• Exercise objective: Omit all pictures, then print the entries exactly.

┌────────

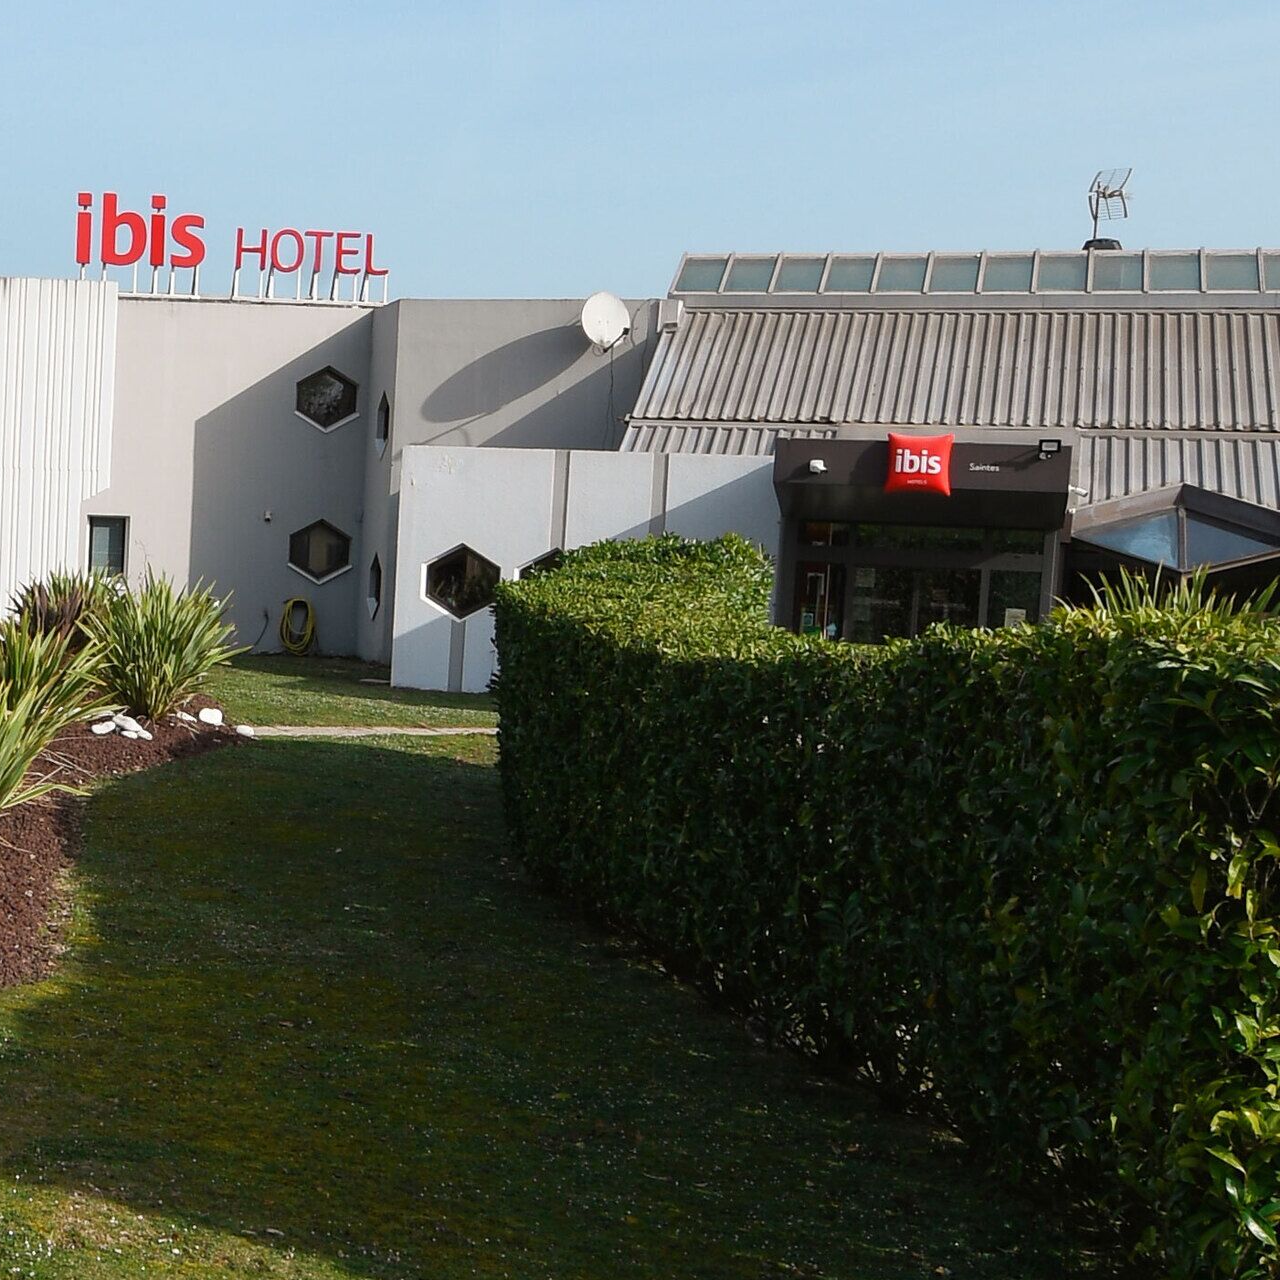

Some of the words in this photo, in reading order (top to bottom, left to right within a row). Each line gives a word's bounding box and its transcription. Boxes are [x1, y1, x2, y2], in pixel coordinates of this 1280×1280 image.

[76, 192, 206, 269] ibis
[235, 227, 389, 276] HOTEL
[895, 448, 942, 475] ibis
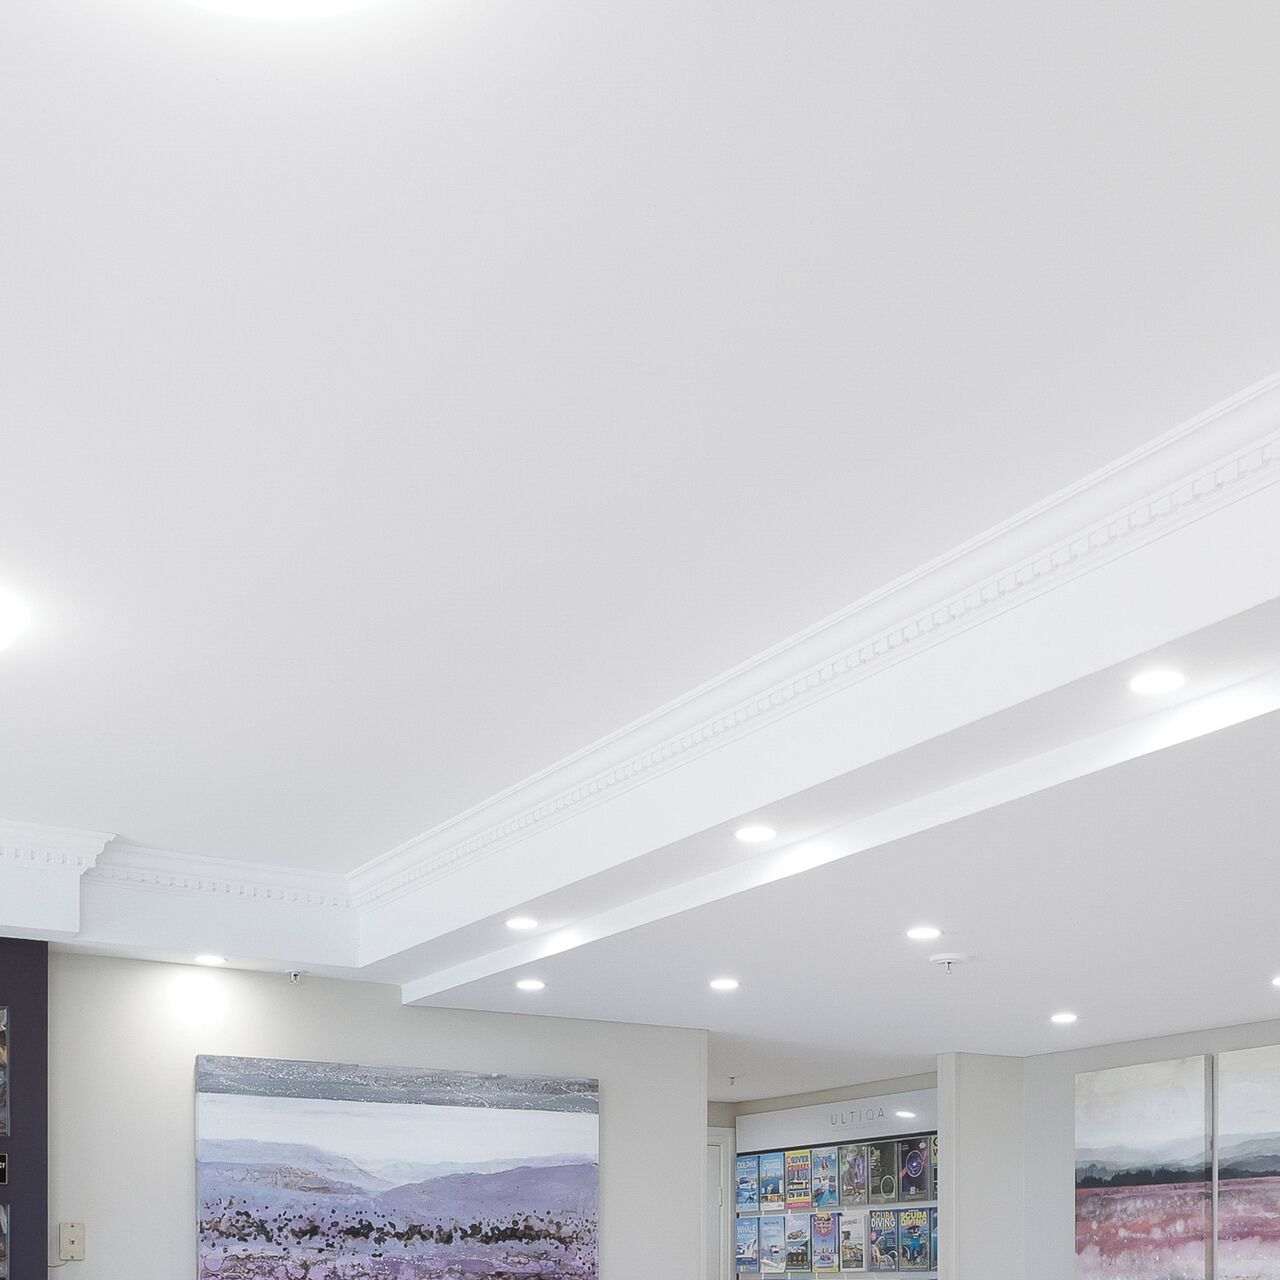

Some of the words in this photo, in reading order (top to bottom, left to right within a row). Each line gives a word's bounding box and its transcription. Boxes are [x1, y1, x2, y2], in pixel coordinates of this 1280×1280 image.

[830, 1107, 885, 1126] ULTIQA
[871, 1211, 894, 1219] SCUBA
[900, 1211, 927, 1219] SCUBA
[871, 1218, 896, 1228] DIVING

└────────

• Solution:
Some of the words in this photo, in reading order (top to bottom, left to right within a row). Each line gives a word's bounding box and its transcription. Boxes are [x1, y1, x2, y2], in pixel coordinates of this 1280×1280 image.

[76, 192, 206, 269] ibis
[235, 227, 389, 276] HOTEL
[895, 448, 942, 475] ibis

Some of the words in this photo, in reading order (top to bottom, left to right within a row). Each line gives a word's bounding box and its transcription. Boxes are [x1, y1, x2, y2], in pixel coordinates of this 1280×1280 image.

[830, 1107, 885, 1126] ULTIQA
[871, 1211, 894, 1219] SCUBA
[900, 1211, 927, 1219] SCUBA
[871, 1218, 896, 1228] DIVING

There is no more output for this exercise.